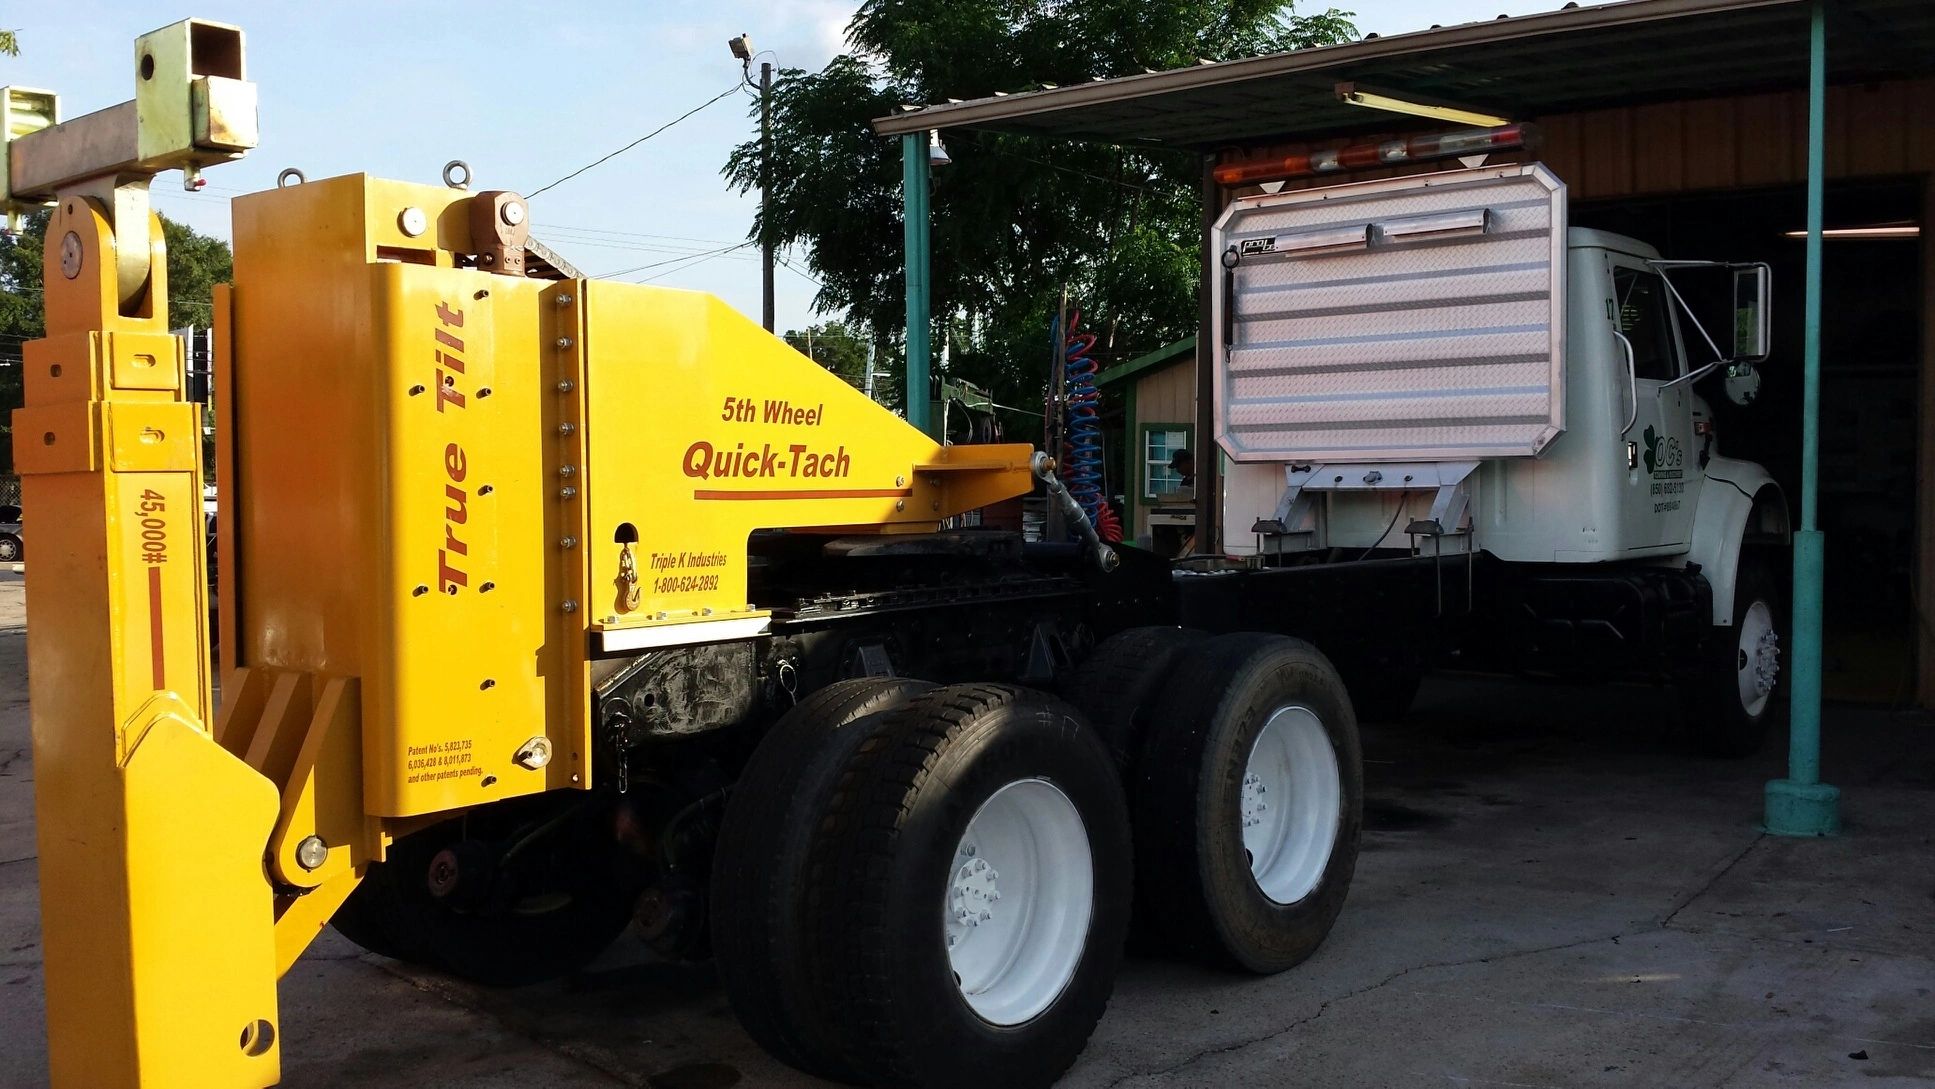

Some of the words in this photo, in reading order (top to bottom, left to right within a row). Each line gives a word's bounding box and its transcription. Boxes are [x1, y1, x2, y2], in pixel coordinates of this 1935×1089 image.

[1605, 297, 1614, 321] 17
[435, 300, 466, 414] Tilt
[721, 397, 756, 423] 5th
[763, 400, 824, 426] Wheel
[682, 441, 850, 481] Quick-Tach
[134, 488, 168, 564] 45,000#
[438, 442, 468, 594] True
[650, 553, 676, 573] Triple
[678, 552, 687, 568] K
[687, 551, 728, 568] Industries
[653, 574, 719, 594] 1-800-624-2892
[408, 746, 428, 756] Patent
[428, 744, 443, 753] No's.
[444, 739, 472, 753] 5,823,735
[408, 757, 437, 771] 6,036,428
[438, 756, 443, 766] &
[443, 753, 472, 767] 8,011,873
[408, 773, 420, 784] and
[420, 771, 436, 782] other
[437, 769, 459, 782] patents
[459, 766, 483, 779] pending.
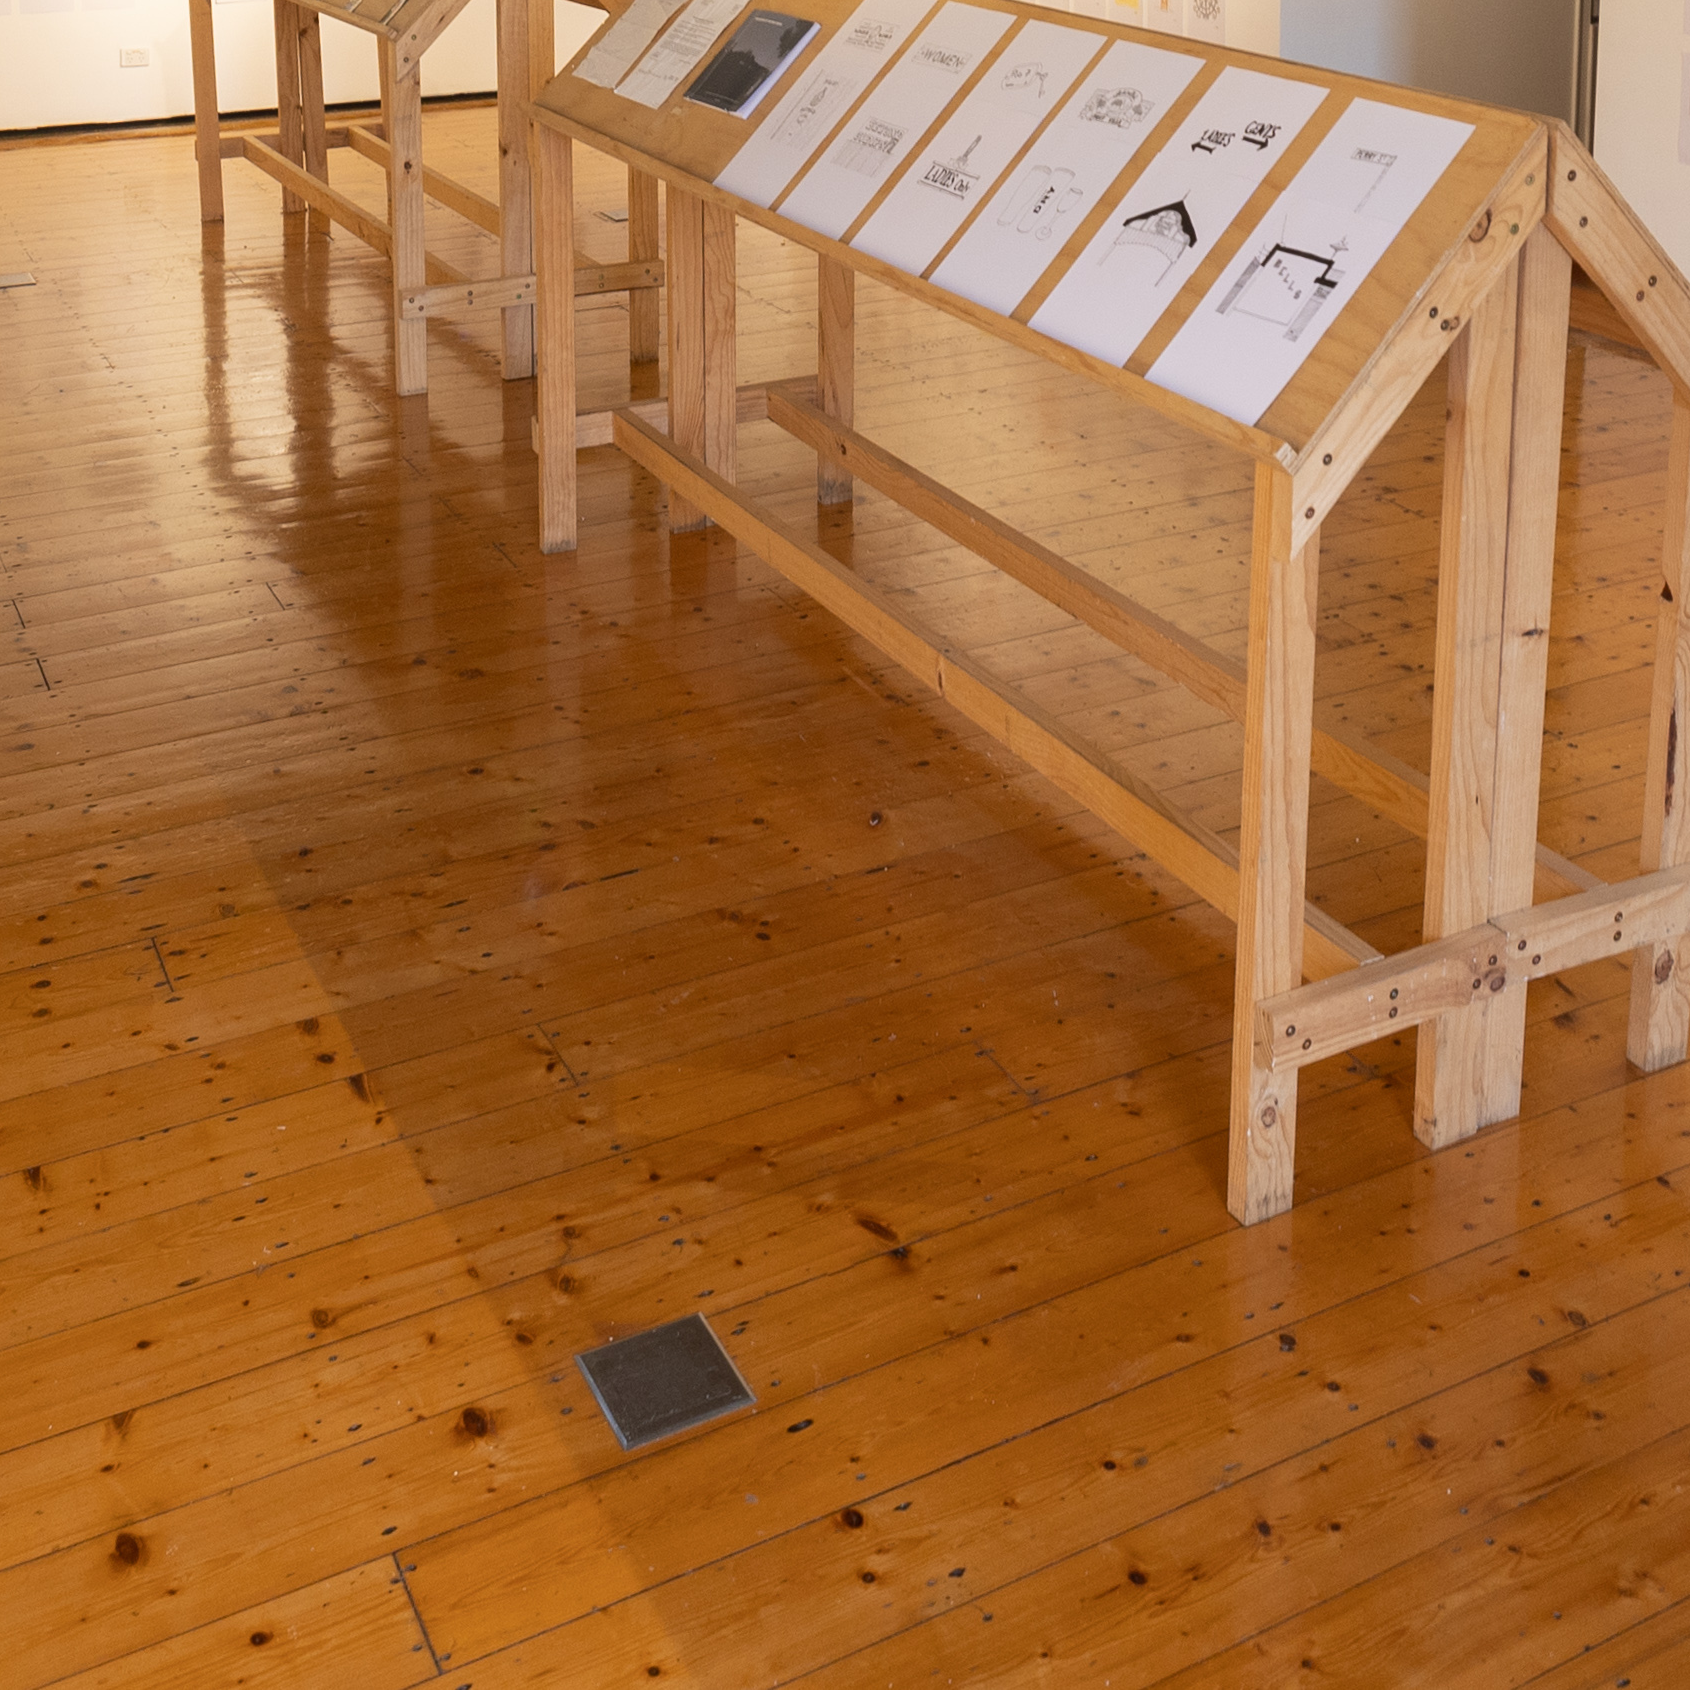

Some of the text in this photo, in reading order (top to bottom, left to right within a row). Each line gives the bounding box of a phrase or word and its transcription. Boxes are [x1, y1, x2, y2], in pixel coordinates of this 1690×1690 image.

[922, 47, 962, 68] WOMEN
[1200, 128, 1236, 148] LADIES
[1243, 120, 1282, 140] GENTS
[923, 165, 958, 188] LADIES

• **Exercise brief**:
Write out the data in full and exactly as given, though without the images.

• **Response to the exercise**:
Some of the words in this photo, in reading order (top to bottom, left to right within a row). Each line gives a word's bounding box and its transcription. Boxes are [x1, y1, x2, y2], in pixel coordinates of this 1935×1089 image.

[1605, 297, 1614, 321] 17
[435, 300, 466, 414] Tilt
[721, 397, 756, 423] 5th
[763, 400, 824, 426] Wheel
[682, 441, 850, 481] Quick-Tach
[134, 488, 168, 564] 45,000#
[438, 442, 468, 594] True
[650, 553, 676, 573] Triple
[678, 552, 687, 568] K
[687, 551, 728, 568] Industries
[653, 574, 719, 594] 1-800-624-2892
[408, 746, 428, 756] Patent
[428, 744, 443, 753] No's.
[444, 739, 472, 753] 5,823,735
[408, 757, 437, 771] 6,036,428
[438, 756, 443, 766] &
[443, 753, 472, 767] 8,011,873
[408, 773, 420, 784] and
[420, 771, 436, 782] other
[437, 769, 459, 782] patents
[459, 766, 483, 779] pending.

Some of the text in this photo, in reading order (top to bottom, left to right within a row). Each line gives the bounding box of a phrase or word and its transcription. Boxes are [x1, y1, x2, y2], in pixel coordinates of this 1690×1690 image.

[922, 47, 962, 68] WOMEN
[1200, 128, 1236, 148] LADIES
[1243, 120, 1282, 140] GENTS
[923, 165, 958, 188] LADIES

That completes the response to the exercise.